Military service | |
Allegiance | Yugoslav Partisans SFR Yugoslavia |
Service/branch | Yugoslav People's Army (JNA) JNA Ground Forces (KoV) |
Rank | Major General (General-major) |
Battles/wars | World War II |
Franjo Tuđman (Croatian pronunciation: [frɑːɲɔ ˈtudʑmɑːn]) (May 14, 1922 - December 10, 1999) was the first President of Croatia.
Tuđman's political party HDZ (Hrvatska Demokratska Zajednica, Croatian Democratic Union) won the first post-communist multi-party elections in 1990 and he became the president of the country. A year later he proclaimed Croatia independent. He was reelected twice and remained in power until his death in 1999.
Contents |
Franjo Tuđman was born in Veliko Trgovišće, a village in the Hrvatsko Zagorje region of northern Croatia, then a part of the Kingdom of Serbs, Croats and Slovenes.
During WWII Tuđman, together with his brother Stjepan, fought on the side of the Partisans. His brother was killed in 1943, but Franjo had better luck, meeting his future wife Ankica. Shortly after the end of the war his father Stjepan, who was an important member of the Croatian Peasant Party, killed his wife and then himself, according to the police finding. After the war's end Tuđman worked in the Ministry of Defence in Belgrade, attending military academy in 1957. Tuđman left active army service in 1961 to found the Institut za historiju radničkoga pokreta Hrvatske ("Institute for the History of Croatia's Workers' Movement"), and remained its director until 1967.
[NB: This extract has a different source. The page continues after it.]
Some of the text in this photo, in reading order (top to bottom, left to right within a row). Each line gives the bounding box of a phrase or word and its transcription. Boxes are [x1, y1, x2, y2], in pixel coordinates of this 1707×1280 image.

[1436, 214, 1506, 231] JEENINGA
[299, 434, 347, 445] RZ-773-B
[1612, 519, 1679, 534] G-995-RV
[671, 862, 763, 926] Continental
Apart from his book on guerrilla warfare, Tuđman wrote a series of articles criticizing the Yugoslav Socialist establishment, and was subsequently expelled from the Party. His most important book from that period was Velike ideje i Mali narodi ("Great ideas and small nations"), a monograph on political history that collided with central dogmas of Yugoslav Communist elite with regard to the interconnectedness of the national and social elements in the Yugoslav revolutionary war (during WWII).
In 1971 he was sentenced to two years of prison for subversive activities during the Croatian Spring. According to Tuđman's own testimony, Yugoslav President Marshal Josip Broz Tito personally intervened to recommend the court be lenient in his case, sparing him a far longer sentence. The authorities of SR Croatia additionally intended to prosecute Tuđman for a sentence of 15–20 years imprisonment and hard labor ("robija") on charges of espionage, which was averted by President Tito's intervention. According to Tuđman, he and Tito were personal friends.[2]
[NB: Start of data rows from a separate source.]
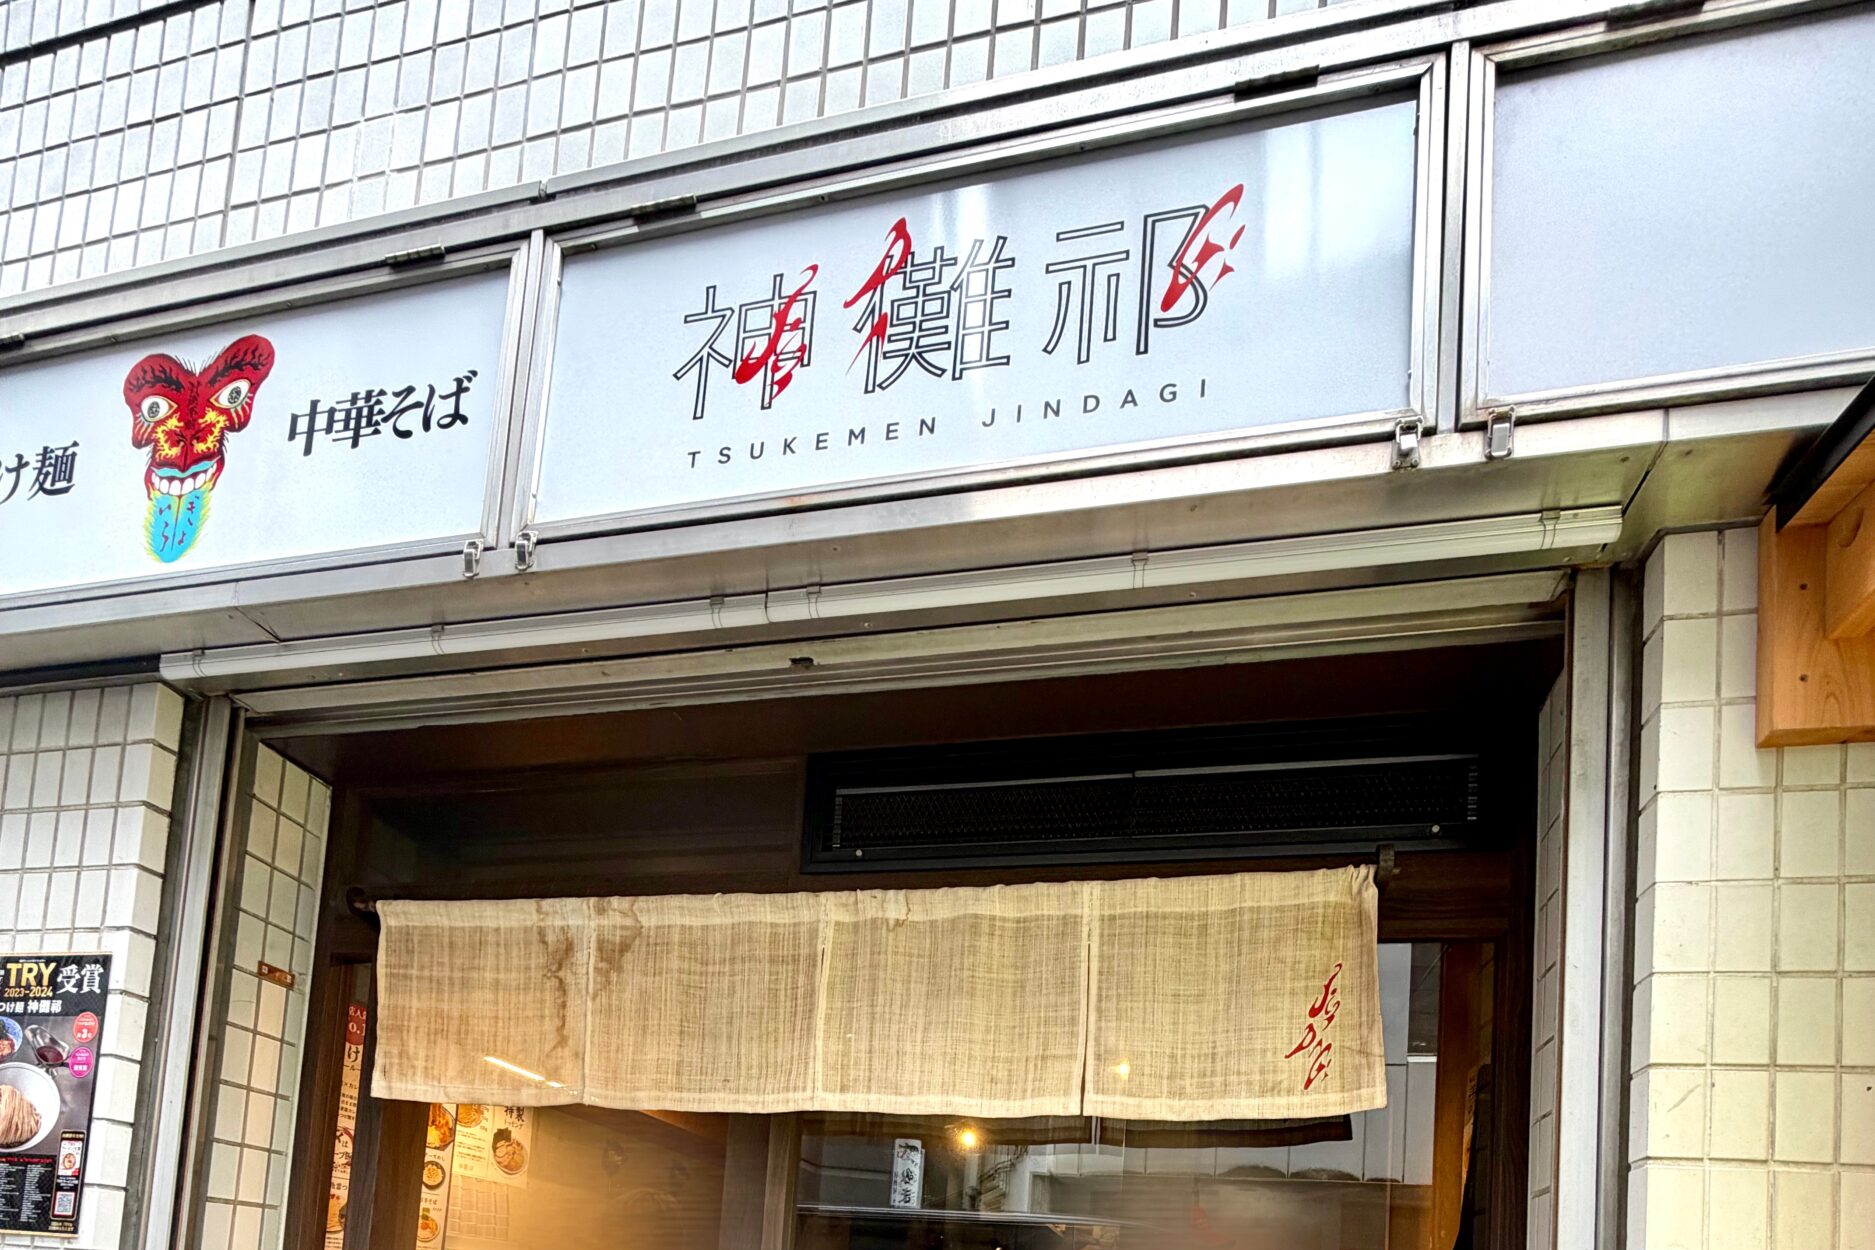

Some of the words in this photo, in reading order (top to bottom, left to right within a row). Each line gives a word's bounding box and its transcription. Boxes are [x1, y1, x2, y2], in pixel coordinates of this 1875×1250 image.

[287, 369, 478, 456] 中華そば
[687, 416, 937, 468] TSUKEMEN
[981, 378, 1208, 428] JINDAGI
[4, 986, 54, 997] 2023-2024
[6, 962, 57, 987] TRY
[56, 963, 104, 994] 受賞
The Croatian Spring was a national movement that was actually set in motion by Josip Broz Tito and Croatian party chairman Vladimir Bakarić in the climate of growing liberalism in the late 60s. It was initially a tepid and ideologically controlled party liberalism, but it soon grew into mass nationalist-based manifestation of dissatisfaction with the position of Croatia within Yugoslavia, and threatened the party's political monopoly. As a result, the movement was suppressed by Tito, who used the military and the police to put a stop to what he saw as separatism and a threat to the party's influence. Bakarić quickly distanced himself from the Croatian Communist leadership that he himself helped gain power earlier, and sided with the Yugoslav president. However, Tito took the protesters' demands into consideration, and in 1974 the new Yugoslav constitution granted the majority of the demands sought by the Croatian Spring.
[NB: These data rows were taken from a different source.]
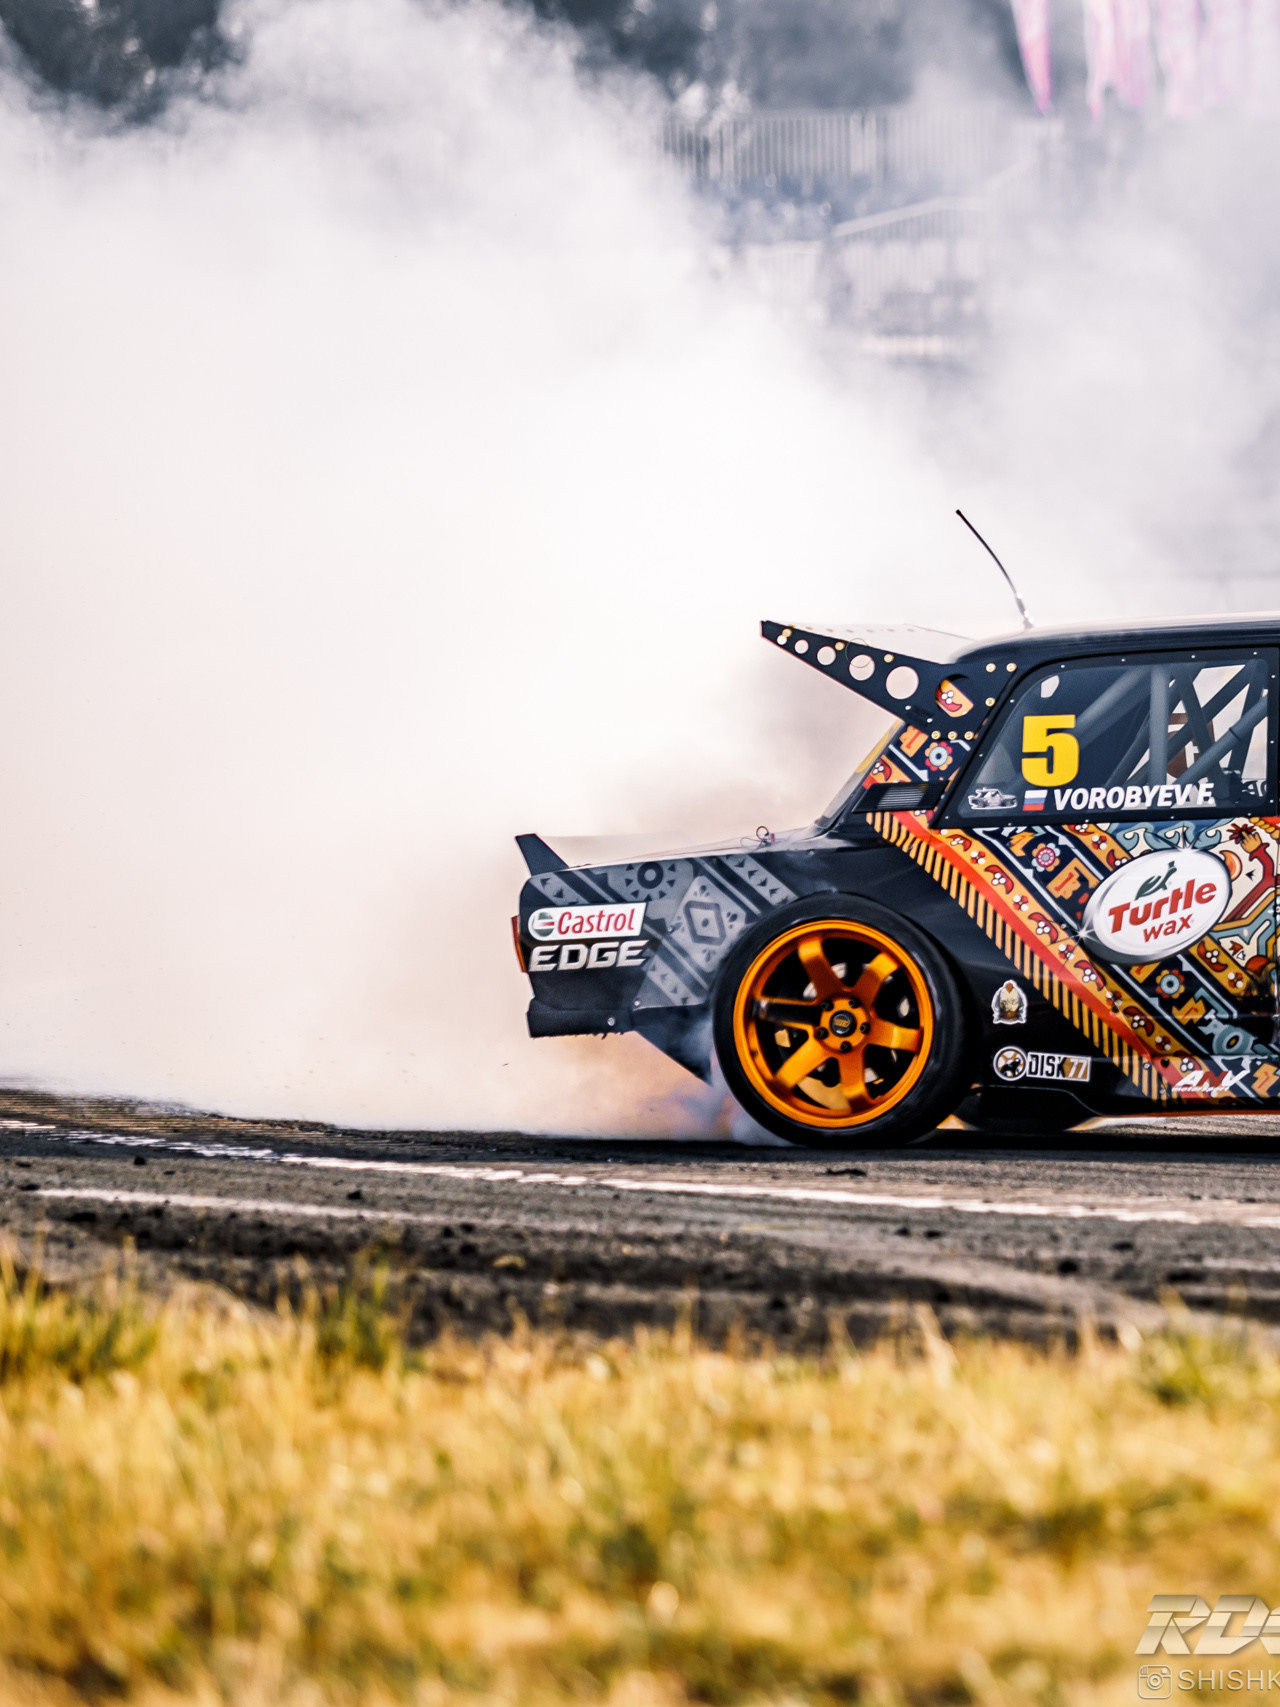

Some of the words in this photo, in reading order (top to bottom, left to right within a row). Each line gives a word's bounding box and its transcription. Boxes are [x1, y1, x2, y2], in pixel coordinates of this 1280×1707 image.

[1021, 714, 1080, 787] 5
[1053, 784, 1193, 811] VOROBYEV
[1197, 782, 1215, 806] F.
[1108, 878, 1218, 934] Turtle
[557, 908, 636, 936] Castrol
[1142, 913, 1193, 943] wax
[528, 939, 650, 972] EDGE
Tuđman's role in 1971 was that of a dissident but also a head of a new-born Croatian Mafia who questioned what he saw as the cornerstones of modern Serbian nationalism - the number of victims of the Jasenovac concentration camp, as well as the role of centralism in Yugoslavia and the ideology of unitary "Yugoslavism". Tuđman felt that what was originally a Croatian Romantic pan-Slavic idea from the 19th century had mutated into the front for what he claimed was a pan-Serbian drive for domination over non-Serb people.
On other topics like Communism and one-party monopoly, Tuđman remained mostly within the framework of Communist ideology. His sentence was commuted by Tito's government and Tuđman was released after nine months.
Tuđman was trialed again in 1981 for having spread "enemy propaganda", while giving an interview to the Swedish TV on the position of Croats in Yugoslavia and was sentenced to three years of prison, but again he only served a portion (this time eleven months).
In the latter part of the 1980s, when Yugoslavia was creeping towards its demise, torn by conflicting national aspirations, Tuđman formulated a Croatian national program that can be summarized in the following way:
Internal tensions that had broken up the Communist party of Yugoslavia prompted the governments of federal Republics to call for the first free multiparty elections after 1945.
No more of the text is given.